So one way to curtail demand is to intensify the downsides of illegal gun-ownership, in any number of ways. But attempts to increase liability — more arrests for gun possession, for instance — have failed to change behavior. That’s because they fail to address the actual choices and motivations of two distinct groups of people carrying guns in Boston’s crime-riddled neighborhoods.
One group carries them to hurt and intimidate people. To their way of thinking, they are making a rational choice: not only is it much easier to hurt or kill with a handgun than with a knife or other weapon, but it also makes it much less likely that you’ll get caught.
Those in the second group carry guns to protect themselves against the first; again, from their perspective it’s not an unreasonable decision. As a Phoenix analysis of shootings in the past two months shows, if you live in Boston’s troubled areas, you are never far from where someone has been recently shot — and thus, from someone who shoots people. And you’re at risk of incurring their wrath, especially if you are involved in drugs, gangs, theft, or general mischief.

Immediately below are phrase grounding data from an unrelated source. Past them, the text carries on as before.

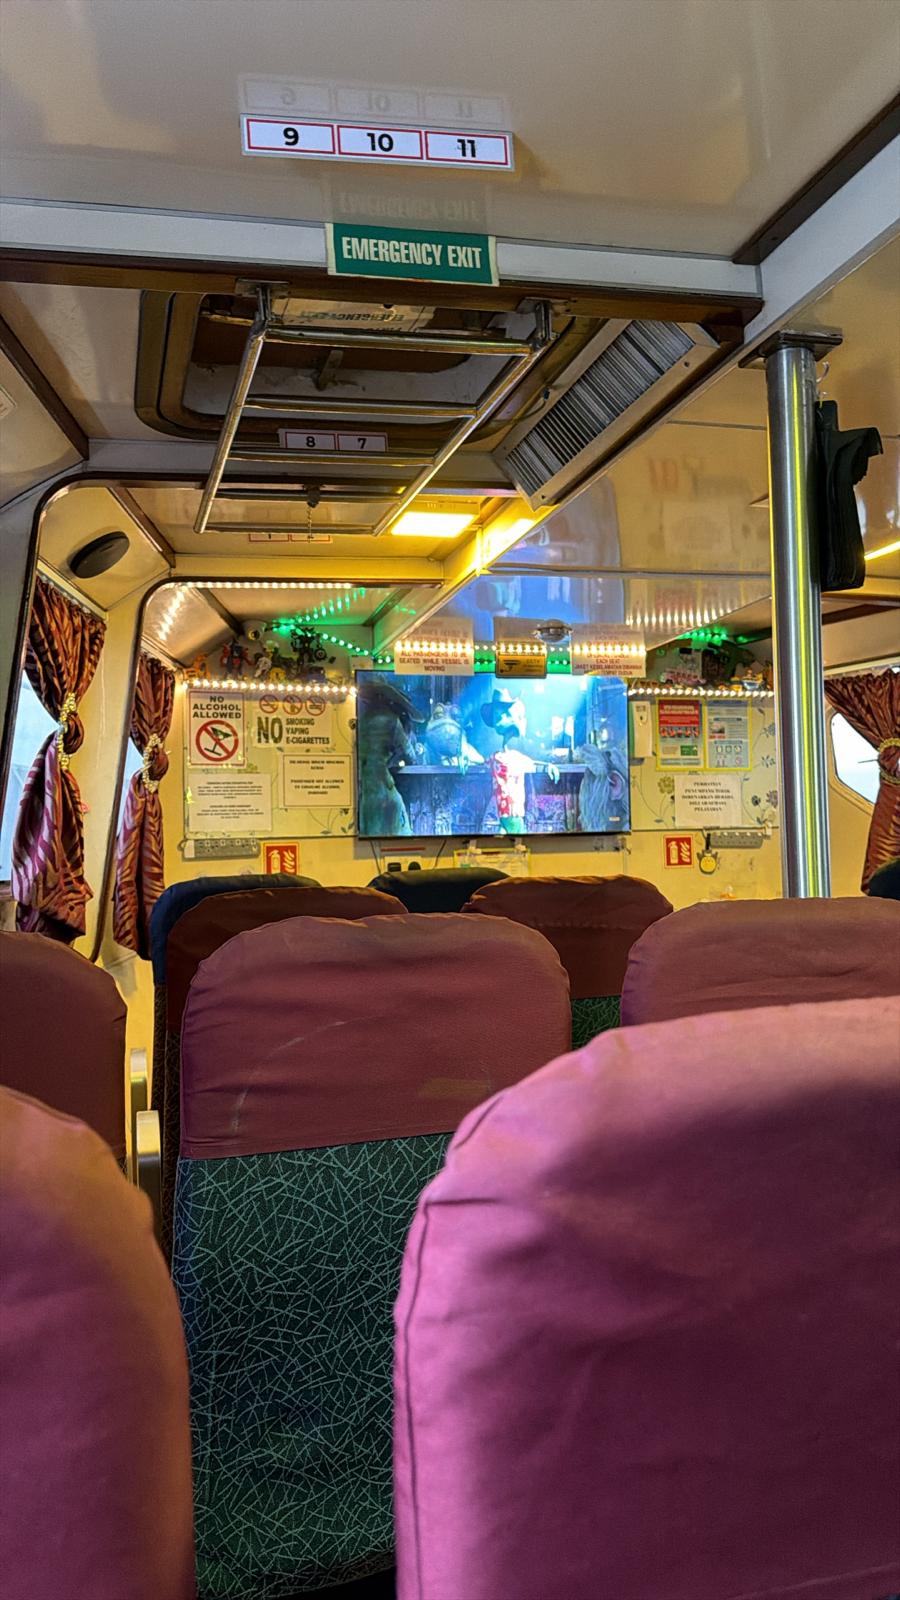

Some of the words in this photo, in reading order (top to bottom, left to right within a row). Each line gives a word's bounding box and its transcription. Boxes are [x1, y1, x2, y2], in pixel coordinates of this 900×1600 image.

[283, 127, 300, 146] 9
[367, 132, 394, 152] 10
[457, 138, 476, 158] 11
[341, 236, 442, 266] EMERGENCY
[448, 244, 482, 269] EXIT
[306, 436, 316, 448] 8
[357, 437, 367, 449] 7
[193, 703, 241, 711] ALCOHOL
[193, 711, 242, 719] ALLOWED
[286, 717, 315, 726] SMOKING
[257, 716, 284, 744] NO
[286, 727, 309, 735] VAPING
[286, 736, 330, 745] E-CIGARETTES

Both groups, then, have determined that the value of carrying a gun outweighs the risk of spending six months in jail for weapons possession.

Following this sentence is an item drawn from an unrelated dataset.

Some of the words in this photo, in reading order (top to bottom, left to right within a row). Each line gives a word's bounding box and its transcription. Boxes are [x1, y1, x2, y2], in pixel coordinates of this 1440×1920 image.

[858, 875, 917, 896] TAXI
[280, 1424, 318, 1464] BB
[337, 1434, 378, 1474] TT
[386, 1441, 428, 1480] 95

There is yet another way to reduce demand, however. As the Phoenix has repeatedly argued, police should be more aggressive in arresting and punishing those who shoot people. In the past two-and-a-half years, 122 people have been shot to death in Boston. Only 28 arrests have been made for those murders, or 23 percent. Of those, only two alleged killers have gone to trial: one was convicted, and one acquitted. Of more than 800 non-fatal shootings during that time, the arrest-rate percentage remains in the low single digits.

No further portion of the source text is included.